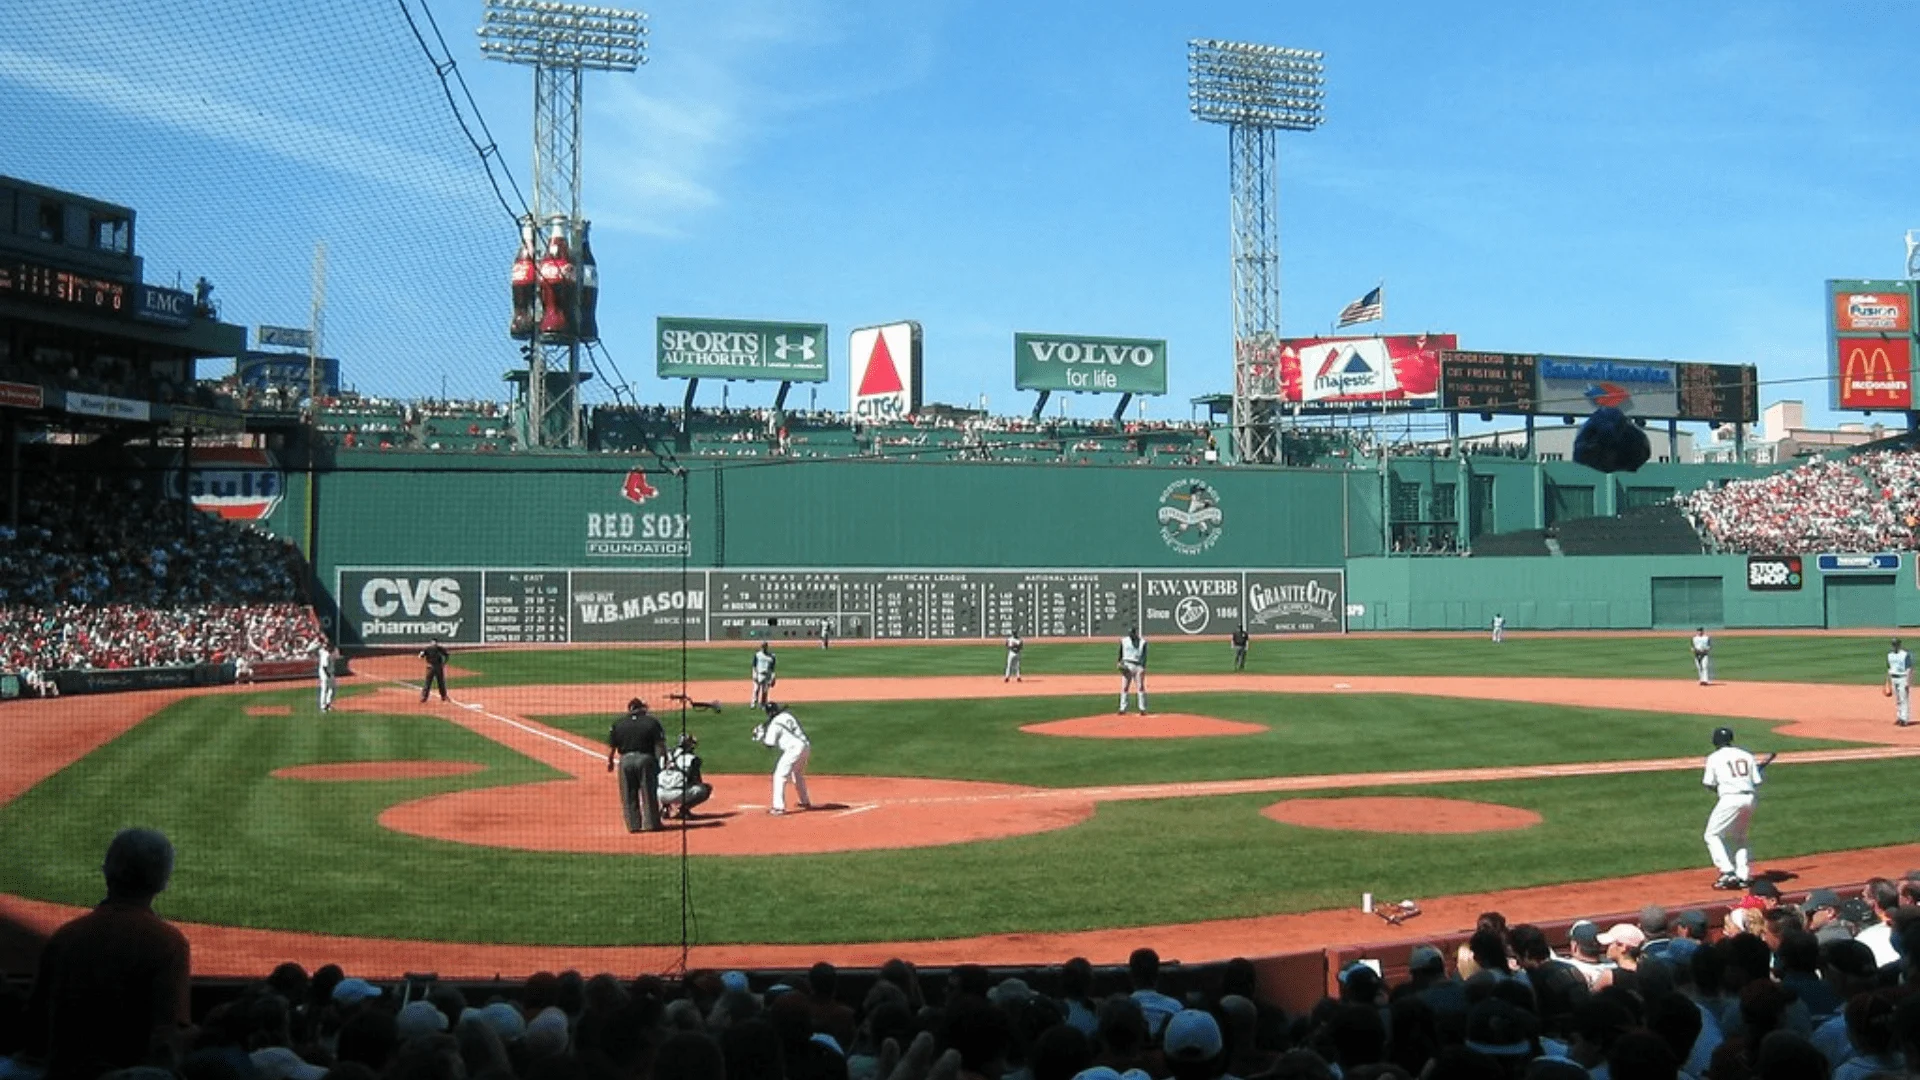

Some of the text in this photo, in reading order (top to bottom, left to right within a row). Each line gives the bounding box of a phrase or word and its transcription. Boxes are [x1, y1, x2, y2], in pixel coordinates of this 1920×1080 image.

[146, 290, 185, 314] EMC
[1849, 304, 1897, 317] Fusion
[662, 330, 759, 354] SPORTS
[1027, 341, 1154, 367] VOLVO
[1066, 368, 1118, 388] for life
[857, 395, 904, 419] CITGO
[588, 512, 691, 538] RED SOX
[590, 544, 688, 553] FOUNDATION
[1750, 562, 1786, 574] STOP
[1147, 580, 1238, 596] F.W. WEBB
[1751, 573, 1788, 585] SHOP
[361, 577, 461, 617] CVS
[597, 592, 614, 602] BUT
[1249, 580, 1337, 612] GRANITE CITY
[731, 602, 757, 610] BOSTON
[1147, 608, 1170, 619] Since
[362, 619, 461, 637] pharmacy
[1727, 758, 1748, 778] 10
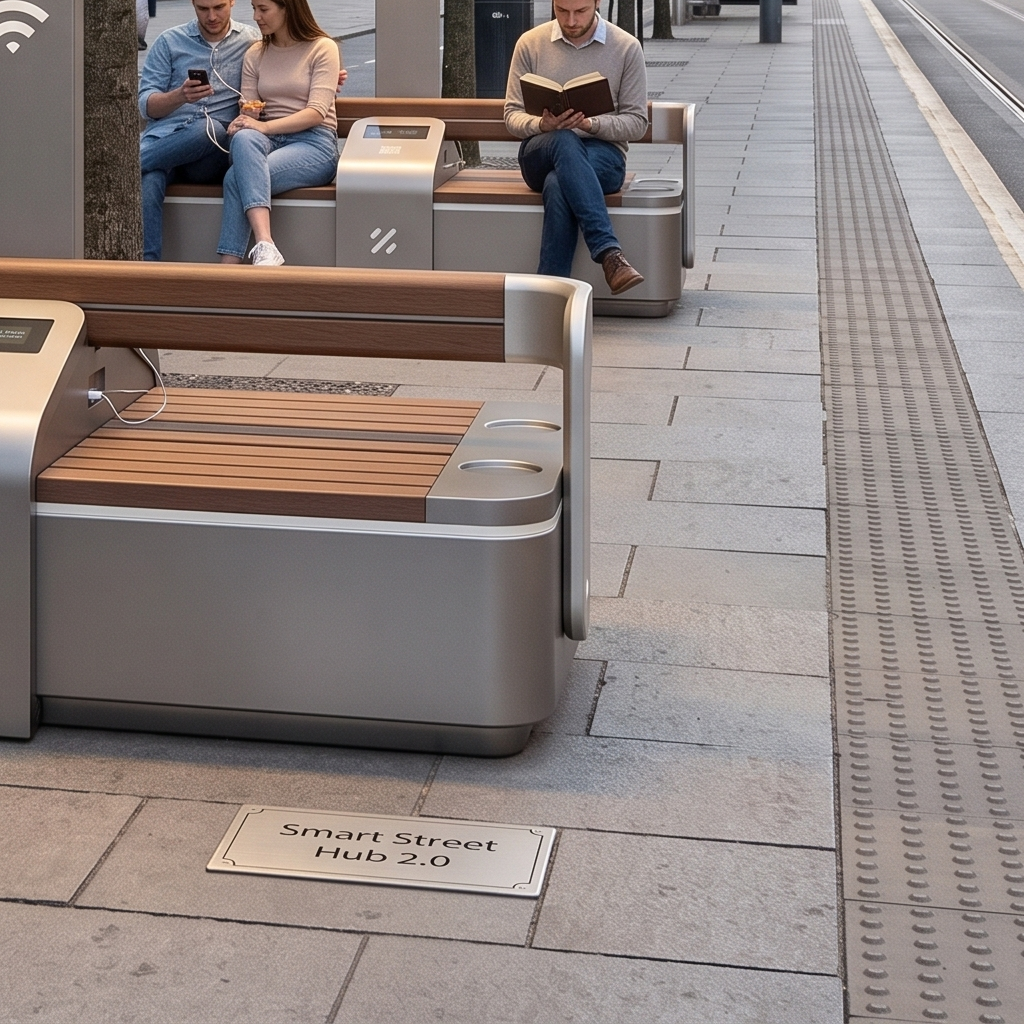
--------
Task:
The records are to be duplicated in full and exactly, with images left out.

Exercise response:
Some of the text in this photo, in reading order (top to bottom, left to right within a row). Each line gives the bounding box of a phrase or word and its transcription. Boxes are [x1, y1, x2, y2], in pixel coordinates of this 1920×1080 image.

[146, 290, 185, 314] EMC
[1849, 304, 1897, 317] Fusion
[662, 330, 759, 354] SPORTS
[1027, 341, 1154, 367] VOLVO
[1066, 368, 1118, 388] for life
[857, 395, 904, 419] CITGO
[588, 512, 691, 538] RED SOX
[590, 544, 688, 553] FOUNDATION
[1750, 562, 1786, 574] STOP
[1147, 580, 1238, 596] F.W. WEBB
[1751, 573, 1788, 585] SHOP
[361, 577, 461, 617] CVS
[597, 592, 614, 602] BUT
[1249, 580, 1337, 612] GRANITE CITY
[731, 602, 757, 610] BOSTON
[1147, 608, 1170, 619] Since
[362, 619, 461, 637] pharmacy
[1727, 758, 1748, 778] 10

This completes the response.